Hi all,
Everyone has their own favorite way of workholding.  Without good work holding nothing good follows. Thin angle stock I clamp in the vise with a rectangular block as suggested below. However, my most common approach is to bolt it down usually with 1/4" shcs, which implies gr 8. If I think I need better position control then drill and ream for dowel pins at +.0005 to +001" plus bolts to hold vertically. Or since 95% of my work is with steel, or if I get frustrated just weld it to a plate which get bolted to the bed. Good workholding burns a lot of time but is absolutely necessary. Duh!

Milling cutters: usually TiAlN sans coolant. I've not tried AlCrN coated but a local machine shop is getting a mile of path length/cutter! That is a lot of chips. Speeds and feeds: what every you can get away with. With my little machine (BP size 1963 vintage) 0.05" axial is about all I can get with out it screaming at me. But I will use as much doc as I can get without screaming.

I still have no solution for the needle sharp chips I get with conventional cutters.

Cutter comp = yes. Rough with tool dia 0.04 over the real dia. Hard to get in trouble that way. Edit tool table or change tool  number for successive passes.
Spring pass as necessary.

Chip removal: compressed air or vacuum or both like the dental hygienist does for cleaning.  OK for one-offs but production needs a better idea.

That's my tuppence; machining is an adaptive and dynamic process.

Dave
On 8/4/21 6:54 AM, Cristian Bontas wrote:
Hi

I would do it about the same way you did it first, with a few changes.

First, clamp it as high as possible on the vertical part. Get rid of the cylinder, or if the vise is not clamping properly without, use a thinner one (say 6-8 mm diameter) placed as close to the upper lip as possible.
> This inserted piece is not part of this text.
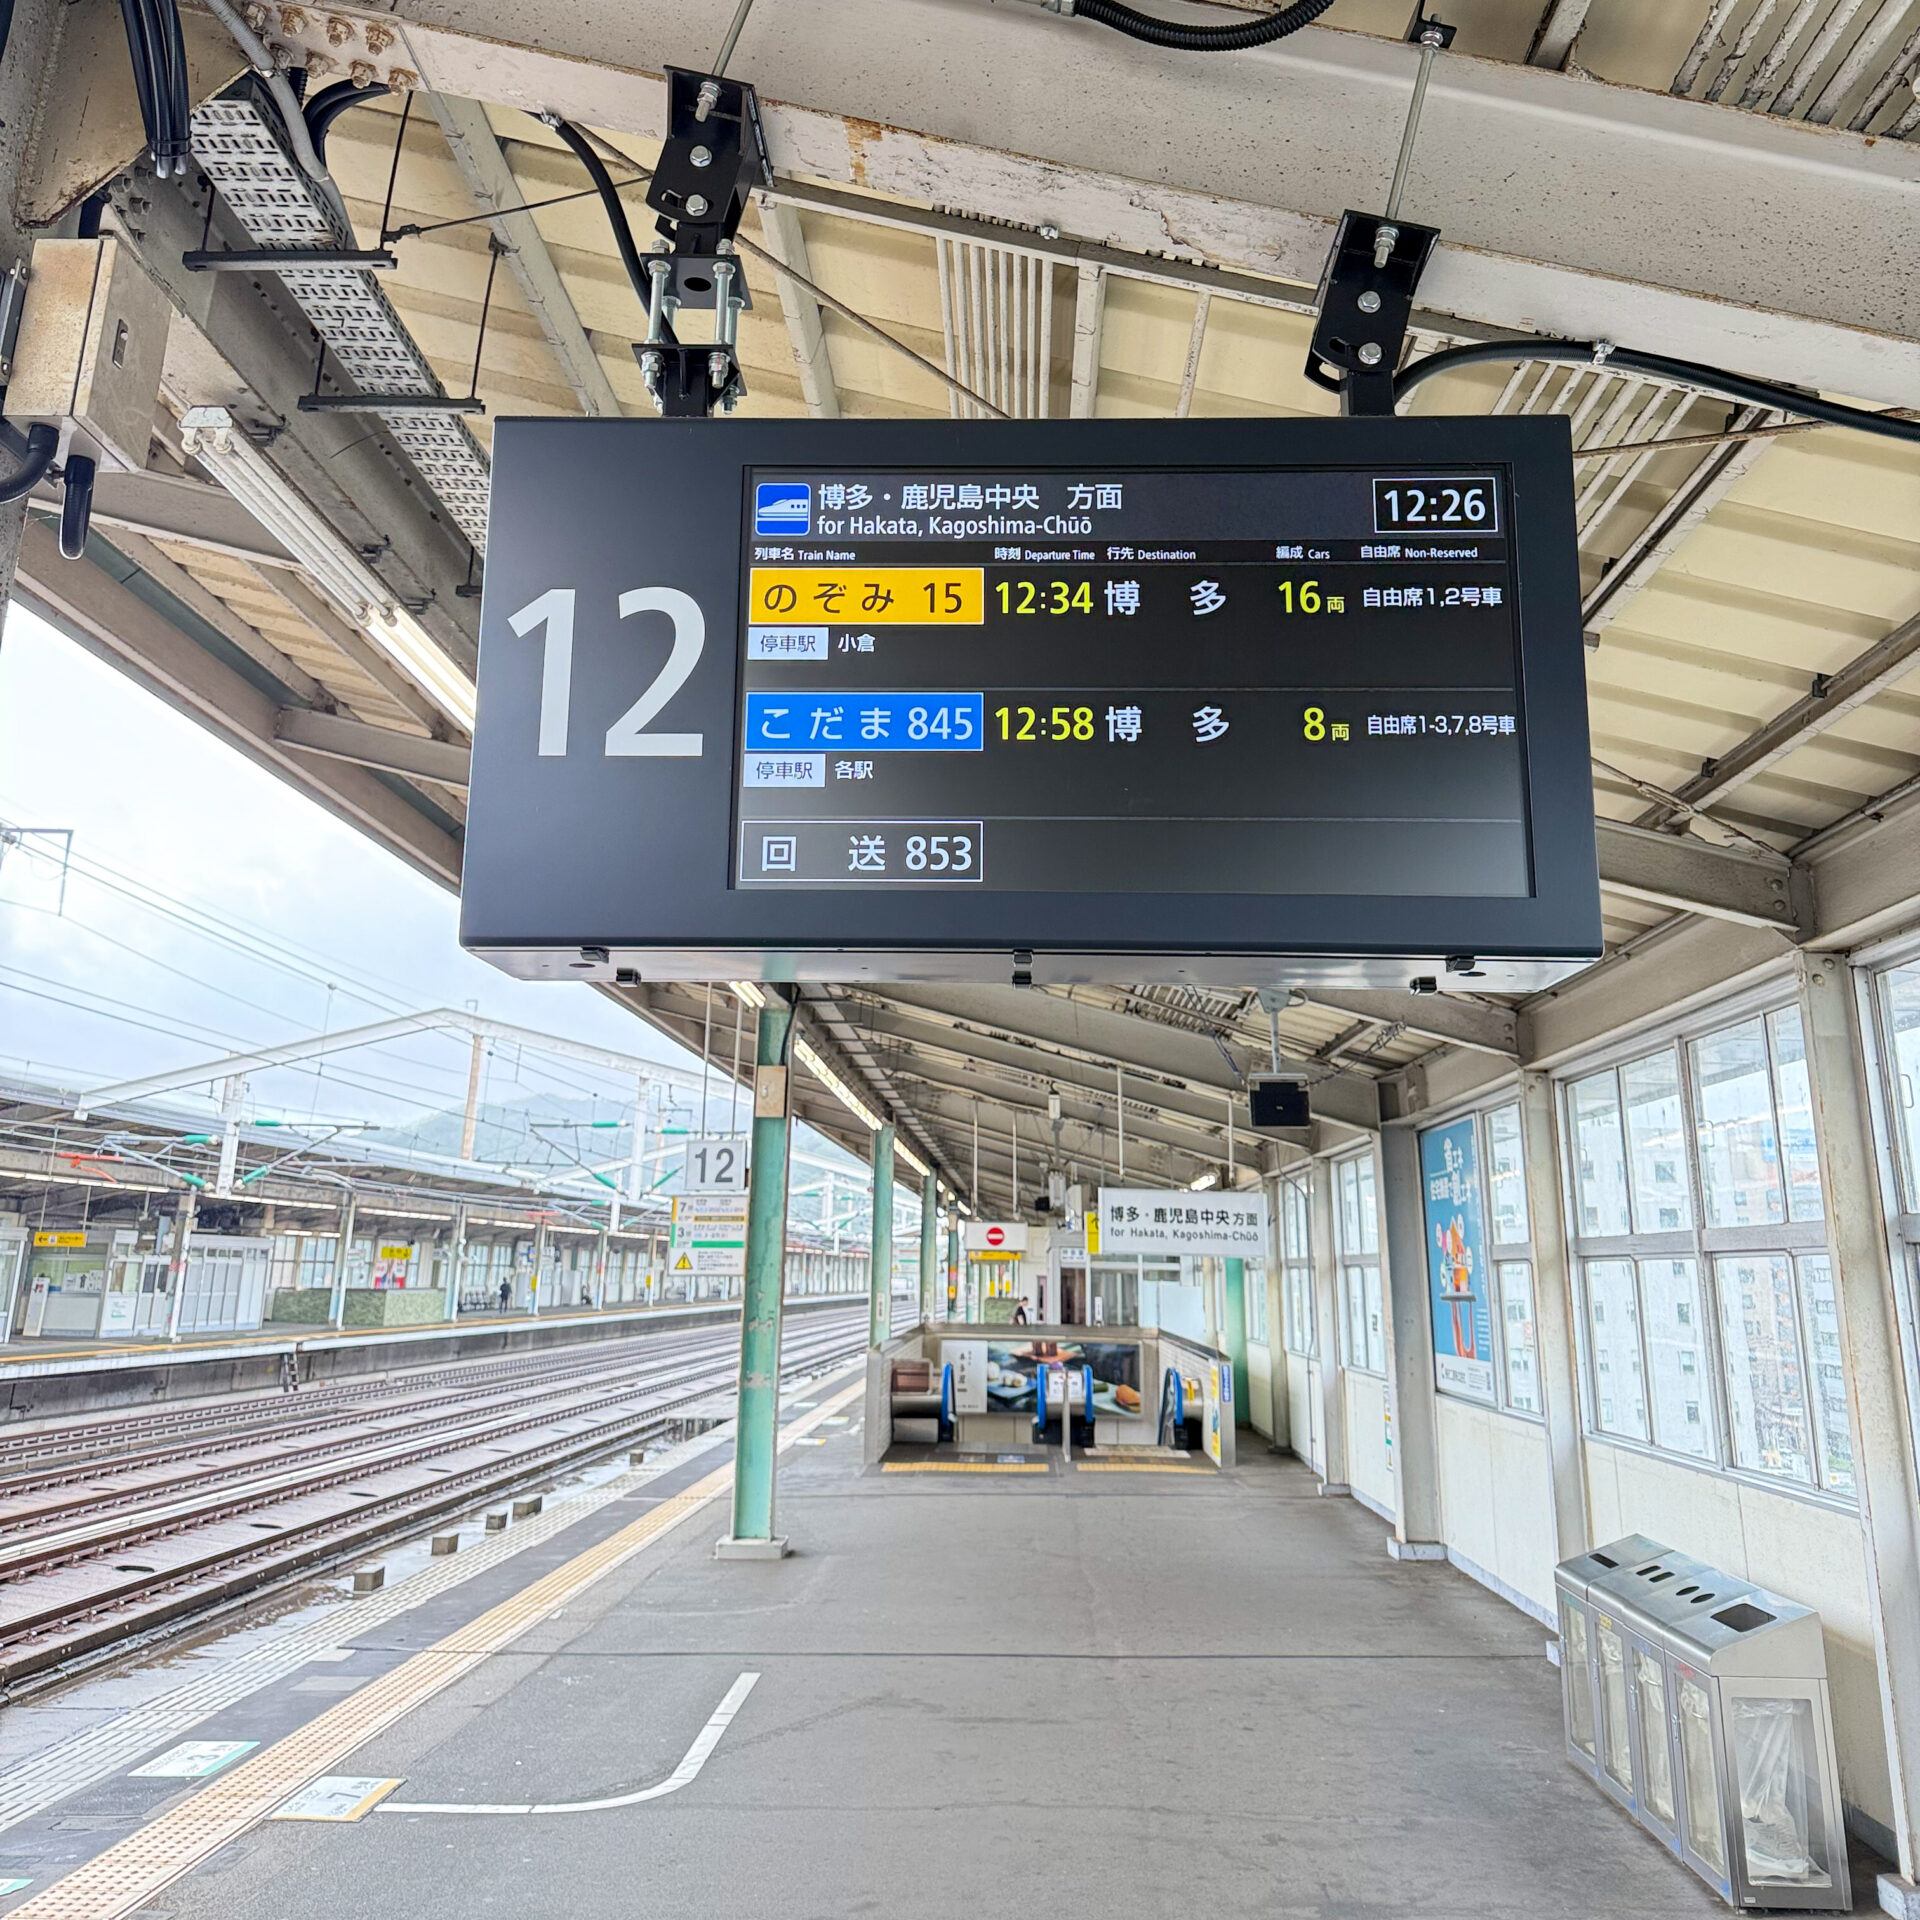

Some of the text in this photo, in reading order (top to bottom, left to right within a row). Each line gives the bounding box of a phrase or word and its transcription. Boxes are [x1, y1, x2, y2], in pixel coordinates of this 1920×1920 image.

Support the horizontal part. Assuming the top of the vise below the overhanging part is flat and horizontal, make a small block to support it. Clamping the part would start with pressing it on this block, then tightening the vise. Make a long clamp to press down on the part over the block - might need to use two screws on either side of the vise. Place a bit of Al or Cu wire between the part and the clamp, as at this length it will bend. Machine the part in several cuts, so that you can move the clamp and support block so that they don't interfere with the cutter and its holder.

On 8/4/2021 00:27, John Dammeyer wrote:
That's a good suggestion John F.  Thanks. I did do some more playing around and it's clear the part flexing and the backlash both were at fault especially with the plunge to the next depth.

And that brings up another issue.  One of my pet peeves with electronics project magazines is they are great at a schematic and either point to point wired or PC board but very little energy is spent on describing various ways of mounting or installing in a cabinet.  Especially with the concept of Human Factor Engineering which is the practice of making something easy to use or even intuitive.  Like an ESTOP button is always a red mushroom  Not a toggle switch.

Same goes with work holding.  Youtube has tons of videos that show a tiring sequence of a milling cutter sprayed with coolant making chips for 3 minutes with 3 commercials interjected, one every minute.   But very little on work holding.

The next part I am making is shown in the attached screen shot rendering.  My raw material is in the second photo.  So the question is about work holding and how or what features of LinuxCNC can be used to make this easier.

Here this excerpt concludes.